BACKGROUND Pulmonary arterial hypertension (PAH) is characterized by elevated pulmonary arterial pressures managed by vasodilator therapies. Current guidelines encourage PAH management in specialty care centers (SCCs), but evidence is sparse regarding improvement in clinical outcomes and correlation to vasodilator use with referral. We hypothesize that PAH management at SCCs is associated with improved clinical outcomes. METHODS A single-center, retrospective study was performed at UPMC (overseeing 40 hospitals). PAH patients were identified between 2008-2018 and classified into a SCC or non-SCC cohort. Cox proportional hazard model was compared for all-cause mortality and negative binomial regression modeling for hospitalizations. Vasodilator therapy was included to adjust outcomes.
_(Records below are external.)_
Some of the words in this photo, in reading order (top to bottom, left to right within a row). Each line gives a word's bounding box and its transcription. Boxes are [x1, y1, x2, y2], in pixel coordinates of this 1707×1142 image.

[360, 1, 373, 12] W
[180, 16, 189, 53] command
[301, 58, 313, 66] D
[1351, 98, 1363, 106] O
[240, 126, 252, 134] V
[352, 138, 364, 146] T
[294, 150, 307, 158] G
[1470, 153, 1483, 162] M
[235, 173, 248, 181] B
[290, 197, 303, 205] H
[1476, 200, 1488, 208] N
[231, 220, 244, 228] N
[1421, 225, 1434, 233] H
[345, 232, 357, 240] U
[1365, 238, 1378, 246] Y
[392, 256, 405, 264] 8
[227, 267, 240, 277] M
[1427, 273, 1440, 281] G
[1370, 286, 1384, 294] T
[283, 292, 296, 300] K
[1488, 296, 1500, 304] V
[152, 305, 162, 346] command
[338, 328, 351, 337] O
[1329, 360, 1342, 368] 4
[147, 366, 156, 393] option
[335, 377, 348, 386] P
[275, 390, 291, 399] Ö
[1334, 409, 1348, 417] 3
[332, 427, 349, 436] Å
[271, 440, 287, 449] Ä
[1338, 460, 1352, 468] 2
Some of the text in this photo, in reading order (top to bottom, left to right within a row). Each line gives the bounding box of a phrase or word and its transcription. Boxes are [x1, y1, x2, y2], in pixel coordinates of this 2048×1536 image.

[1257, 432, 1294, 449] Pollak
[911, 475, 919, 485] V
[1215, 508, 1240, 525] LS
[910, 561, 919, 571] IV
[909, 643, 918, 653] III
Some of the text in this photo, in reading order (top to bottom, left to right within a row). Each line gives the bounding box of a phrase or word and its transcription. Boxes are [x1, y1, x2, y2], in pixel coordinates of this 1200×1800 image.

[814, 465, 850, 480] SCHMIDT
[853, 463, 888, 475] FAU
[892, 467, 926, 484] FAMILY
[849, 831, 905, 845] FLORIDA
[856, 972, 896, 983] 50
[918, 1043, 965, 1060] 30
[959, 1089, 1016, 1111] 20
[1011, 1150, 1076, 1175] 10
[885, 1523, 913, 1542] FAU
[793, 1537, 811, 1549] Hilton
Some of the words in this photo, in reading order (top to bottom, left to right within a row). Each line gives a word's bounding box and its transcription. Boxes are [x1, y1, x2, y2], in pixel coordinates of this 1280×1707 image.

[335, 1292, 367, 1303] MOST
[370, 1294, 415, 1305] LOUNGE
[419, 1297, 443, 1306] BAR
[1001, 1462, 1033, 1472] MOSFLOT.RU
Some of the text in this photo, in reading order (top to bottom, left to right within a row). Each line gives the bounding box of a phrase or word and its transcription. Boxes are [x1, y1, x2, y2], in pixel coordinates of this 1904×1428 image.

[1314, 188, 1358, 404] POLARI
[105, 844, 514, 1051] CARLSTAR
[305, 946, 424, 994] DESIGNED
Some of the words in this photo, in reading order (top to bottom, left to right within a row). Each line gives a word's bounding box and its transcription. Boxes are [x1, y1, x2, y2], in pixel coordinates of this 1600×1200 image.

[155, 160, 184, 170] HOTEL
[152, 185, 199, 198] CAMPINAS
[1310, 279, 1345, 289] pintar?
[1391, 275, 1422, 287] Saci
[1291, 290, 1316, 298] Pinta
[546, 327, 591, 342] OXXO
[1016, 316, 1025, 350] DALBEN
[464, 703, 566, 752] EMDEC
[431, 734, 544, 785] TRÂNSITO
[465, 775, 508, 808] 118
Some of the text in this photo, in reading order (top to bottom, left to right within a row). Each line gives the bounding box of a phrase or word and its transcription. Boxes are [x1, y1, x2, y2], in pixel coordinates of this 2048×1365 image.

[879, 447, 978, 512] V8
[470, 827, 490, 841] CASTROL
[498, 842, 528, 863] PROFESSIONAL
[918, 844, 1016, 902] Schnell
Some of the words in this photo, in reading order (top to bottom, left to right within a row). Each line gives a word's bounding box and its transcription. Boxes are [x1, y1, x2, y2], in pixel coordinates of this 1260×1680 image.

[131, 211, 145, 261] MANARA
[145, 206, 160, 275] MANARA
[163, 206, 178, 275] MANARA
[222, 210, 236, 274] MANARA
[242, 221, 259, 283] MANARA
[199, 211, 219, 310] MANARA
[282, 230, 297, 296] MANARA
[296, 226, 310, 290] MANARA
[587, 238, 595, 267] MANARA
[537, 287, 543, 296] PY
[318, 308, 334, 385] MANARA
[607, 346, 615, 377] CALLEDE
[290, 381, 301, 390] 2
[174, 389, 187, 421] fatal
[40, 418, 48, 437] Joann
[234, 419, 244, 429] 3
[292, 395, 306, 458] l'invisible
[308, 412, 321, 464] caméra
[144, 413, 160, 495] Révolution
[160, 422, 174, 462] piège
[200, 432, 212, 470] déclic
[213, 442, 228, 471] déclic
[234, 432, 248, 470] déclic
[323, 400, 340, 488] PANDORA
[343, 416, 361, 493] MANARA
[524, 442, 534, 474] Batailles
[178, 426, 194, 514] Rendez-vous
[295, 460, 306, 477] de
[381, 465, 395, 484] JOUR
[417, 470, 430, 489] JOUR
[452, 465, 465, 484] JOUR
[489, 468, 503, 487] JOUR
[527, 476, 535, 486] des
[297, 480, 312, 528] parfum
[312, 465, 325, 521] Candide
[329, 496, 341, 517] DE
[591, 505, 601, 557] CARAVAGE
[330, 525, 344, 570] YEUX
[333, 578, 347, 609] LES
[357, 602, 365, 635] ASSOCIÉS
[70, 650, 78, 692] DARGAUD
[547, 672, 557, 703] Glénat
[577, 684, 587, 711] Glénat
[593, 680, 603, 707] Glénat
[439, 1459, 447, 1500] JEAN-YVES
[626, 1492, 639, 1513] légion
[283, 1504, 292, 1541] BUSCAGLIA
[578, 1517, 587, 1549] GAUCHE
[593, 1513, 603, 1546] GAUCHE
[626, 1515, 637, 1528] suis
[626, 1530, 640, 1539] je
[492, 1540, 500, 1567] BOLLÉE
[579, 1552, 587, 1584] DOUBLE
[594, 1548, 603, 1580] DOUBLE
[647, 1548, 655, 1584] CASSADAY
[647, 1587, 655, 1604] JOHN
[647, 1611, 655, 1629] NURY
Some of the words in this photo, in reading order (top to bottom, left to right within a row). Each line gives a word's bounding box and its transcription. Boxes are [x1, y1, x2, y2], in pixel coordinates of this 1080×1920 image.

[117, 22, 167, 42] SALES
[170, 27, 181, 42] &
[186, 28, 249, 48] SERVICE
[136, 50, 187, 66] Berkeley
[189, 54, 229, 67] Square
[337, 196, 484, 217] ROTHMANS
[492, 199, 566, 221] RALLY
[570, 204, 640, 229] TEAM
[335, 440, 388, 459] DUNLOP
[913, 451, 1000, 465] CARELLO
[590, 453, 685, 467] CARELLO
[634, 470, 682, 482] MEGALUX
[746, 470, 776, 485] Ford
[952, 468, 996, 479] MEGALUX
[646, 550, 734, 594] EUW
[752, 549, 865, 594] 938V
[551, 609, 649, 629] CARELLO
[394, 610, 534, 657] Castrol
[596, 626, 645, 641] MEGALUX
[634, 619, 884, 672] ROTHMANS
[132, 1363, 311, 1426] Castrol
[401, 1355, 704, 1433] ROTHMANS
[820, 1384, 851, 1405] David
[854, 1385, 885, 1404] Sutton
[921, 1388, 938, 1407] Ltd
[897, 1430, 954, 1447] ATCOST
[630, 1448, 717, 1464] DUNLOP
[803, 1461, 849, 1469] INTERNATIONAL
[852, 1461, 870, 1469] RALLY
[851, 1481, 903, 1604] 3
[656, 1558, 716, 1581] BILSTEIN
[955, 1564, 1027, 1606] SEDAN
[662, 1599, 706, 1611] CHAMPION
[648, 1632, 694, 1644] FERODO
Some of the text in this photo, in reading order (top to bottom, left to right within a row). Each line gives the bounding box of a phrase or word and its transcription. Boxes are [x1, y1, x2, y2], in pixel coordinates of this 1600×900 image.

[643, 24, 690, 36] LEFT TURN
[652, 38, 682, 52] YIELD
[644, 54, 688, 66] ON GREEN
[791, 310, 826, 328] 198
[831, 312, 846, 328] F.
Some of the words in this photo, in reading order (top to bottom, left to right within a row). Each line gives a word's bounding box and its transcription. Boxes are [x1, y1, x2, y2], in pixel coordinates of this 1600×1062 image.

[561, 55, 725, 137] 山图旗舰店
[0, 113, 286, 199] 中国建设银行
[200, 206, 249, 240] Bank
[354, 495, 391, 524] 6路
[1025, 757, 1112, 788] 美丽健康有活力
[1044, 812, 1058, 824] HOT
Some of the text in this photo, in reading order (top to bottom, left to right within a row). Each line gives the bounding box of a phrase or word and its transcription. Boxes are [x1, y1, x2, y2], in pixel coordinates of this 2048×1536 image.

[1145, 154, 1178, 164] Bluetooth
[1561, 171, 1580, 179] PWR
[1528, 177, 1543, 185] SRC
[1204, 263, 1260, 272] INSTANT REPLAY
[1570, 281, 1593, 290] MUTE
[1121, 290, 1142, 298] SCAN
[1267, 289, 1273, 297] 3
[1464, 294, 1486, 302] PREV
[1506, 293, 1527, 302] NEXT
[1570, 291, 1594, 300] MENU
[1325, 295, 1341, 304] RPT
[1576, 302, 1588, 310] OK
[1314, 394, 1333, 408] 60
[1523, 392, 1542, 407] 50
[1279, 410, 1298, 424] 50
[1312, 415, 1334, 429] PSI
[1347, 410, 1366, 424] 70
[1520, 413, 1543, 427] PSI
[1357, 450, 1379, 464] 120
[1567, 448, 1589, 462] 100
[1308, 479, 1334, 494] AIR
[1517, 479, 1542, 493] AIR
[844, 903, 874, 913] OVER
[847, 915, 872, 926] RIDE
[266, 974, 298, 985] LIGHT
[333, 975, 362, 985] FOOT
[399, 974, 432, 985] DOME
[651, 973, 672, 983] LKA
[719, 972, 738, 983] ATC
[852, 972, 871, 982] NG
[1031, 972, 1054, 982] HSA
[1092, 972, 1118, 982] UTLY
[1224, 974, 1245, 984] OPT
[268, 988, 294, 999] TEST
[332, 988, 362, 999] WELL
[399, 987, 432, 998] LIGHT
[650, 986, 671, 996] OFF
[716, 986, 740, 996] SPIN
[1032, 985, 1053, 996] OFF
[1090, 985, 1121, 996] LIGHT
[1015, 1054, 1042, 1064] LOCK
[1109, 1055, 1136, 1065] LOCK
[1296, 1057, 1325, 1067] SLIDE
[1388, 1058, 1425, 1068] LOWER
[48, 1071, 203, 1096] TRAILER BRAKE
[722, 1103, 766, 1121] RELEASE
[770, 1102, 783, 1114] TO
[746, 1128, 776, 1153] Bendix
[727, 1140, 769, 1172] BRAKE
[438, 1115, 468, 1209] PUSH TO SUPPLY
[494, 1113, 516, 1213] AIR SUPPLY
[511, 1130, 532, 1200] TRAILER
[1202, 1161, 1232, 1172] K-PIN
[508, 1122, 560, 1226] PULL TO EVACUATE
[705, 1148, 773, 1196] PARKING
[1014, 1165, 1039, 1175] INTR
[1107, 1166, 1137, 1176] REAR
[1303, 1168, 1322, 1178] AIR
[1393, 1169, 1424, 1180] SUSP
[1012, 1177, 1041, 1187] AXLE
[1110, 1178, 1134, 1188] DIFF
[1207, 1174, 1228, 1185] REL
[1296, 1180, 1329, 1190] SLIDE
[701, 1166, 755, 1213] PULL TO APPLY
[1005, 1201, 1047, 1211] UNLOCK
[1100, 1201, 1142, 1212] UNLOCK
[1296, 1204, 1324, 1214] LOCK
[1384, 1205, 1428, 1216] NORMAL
RESULT Of 580 PAH patients at UPMC, 455 (78%) were managed at the SCC, comprising a younger (58.8 vs. 64.8 years, p<0.001) and female (68.4% vs. 51.2%, p<0.001) population with more comorbidities without differences in race or income. SCC demonstrated improved survival (HR=0.68, p = 0.012), fewer hospitalizations (IR=0.54, p<0.001), and provided more frequent disease monitoring. Early patient referral to SCC (<6 months of diagnosis) was associated with improved outcomes compared to non-SCC. SCC patients were more frequently prescribed vasodilators (p<0.001) and carried more diagnostic PAH coding (p<0.001). Vasodilators were associated with improved outcomes irrespective of location but without statistical significance when comparing between locations (p>0.05). CONCLUSION The UPMC SCC demonstrated improved outcomes in mortality and hospitalizations. SCC Benefit was multifactorial, with more frequent vasodilator therapy and disease monitoring. These findings provide robust evidence for early and regular referral of PAH patients to SCCs.

中文翻译:

肺动脉高压的结果在专科护理中心得到改善

背景肺动脉高压(PAH)的特征在于通过血管扩张剂疗法控制的肺动脉压升高。目前的指南鼓励在专业护理中心 (SCC) 进行 PAH 管理,但关于临床结果的改善以及与血管扩张剂使用与转诊的相关性的证据很少。我们假设 SCC 的 PAH 管理与改善的临床结果相关。方法 在 UPMC(监督 40 家医院)进行了一项单中心、回顾性研究。PAH 患者在 2008 年至 2018 年间被确定,并分为 SCC 或非 SCC 队列。比较 Cox 比例风险模型的全因死亡率和住院的负二项式回归模型。包括血管扩张剂治疗以调整结果。结果 UPMC 的 580 名 PAH 患者,455 (78%) 名患者在 SCC 接受治疗,包括年轻(58.8 岁与 64.8 岁,p<0.001)和女性(68.4% 与 51.2%,p<0.001),合并症更多,种族或收入没有差异。SCC 证明生存率提高(HR=0.68,p=0.012),住院率降低(IR=0.54,p<0.001),并提供更频繁的疾病监测。与非 SCC 相比,早期患者转诊至 SCC(<6 个月的诊断)与改善的结果相关。SCC 患者更常使用血管扩张剂 (p<0.001) 并携带更多诊断性 PAH 编码 (p<0.001)。无论位置如何,血管扩张剂都与改善的结果相关,但在位置之间进行比较时没有统计学意义(p>0.05)。结论 UPMC SCC 在死亡率和住院治疗方面表现出改善的结果。SCC 的好处是多因素的,血管扩张剂治疗和疾病监测更频繁。这些发现为 PAH 患者早期和定期转诊至 SCC 提供了强有力的证据。